* **DATA FOR THIS EXERCISE**:
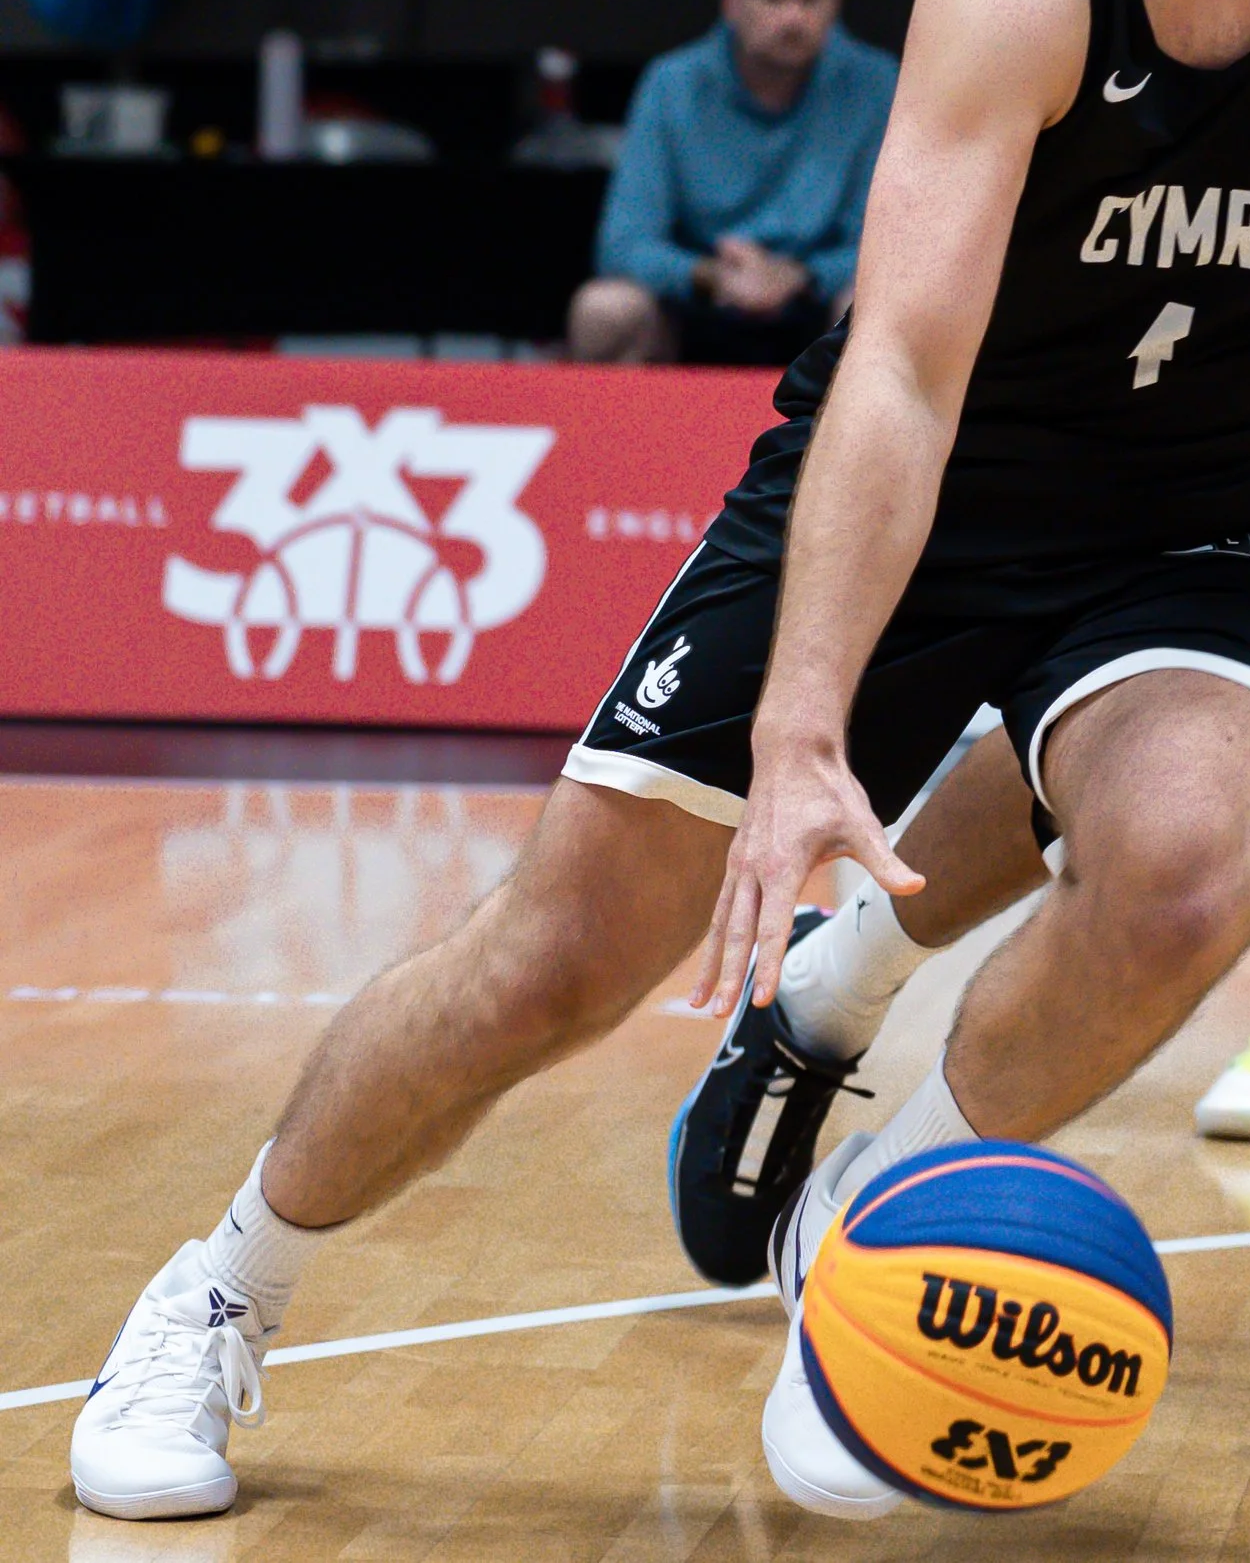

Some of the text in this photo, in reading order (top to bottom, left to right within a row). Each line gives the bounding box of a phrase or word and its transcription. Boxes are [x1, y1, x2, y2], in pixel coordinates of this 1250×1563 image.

[586, 504, 720, 544] ENGL
[614, 711, 646, 736] LOTTERY
[623, 706, 661, 736] NATIONAL
[916, 1271, 1142, 1397] Wilson

* **WHAT YOU ARE ASKED TO DO**:
With images omitted, output the data exactly as given.

* **EXPECTED ANSWER**:
Some of the text in this photo, in reading order (top to bottom, left to right within a row). Each line gives the bounding box of a phrase or word and its transcription. Boxes are [x1, y1, x2, y2], in pixel coordinates of this 1250×1563 image.

[586, 504, 720, 544] ENGL
[614, 711, 646, 736] LOTTERY
[623, 706, 661, 736] NATIONAL
[916, 1271, 1142, 1397] Wilson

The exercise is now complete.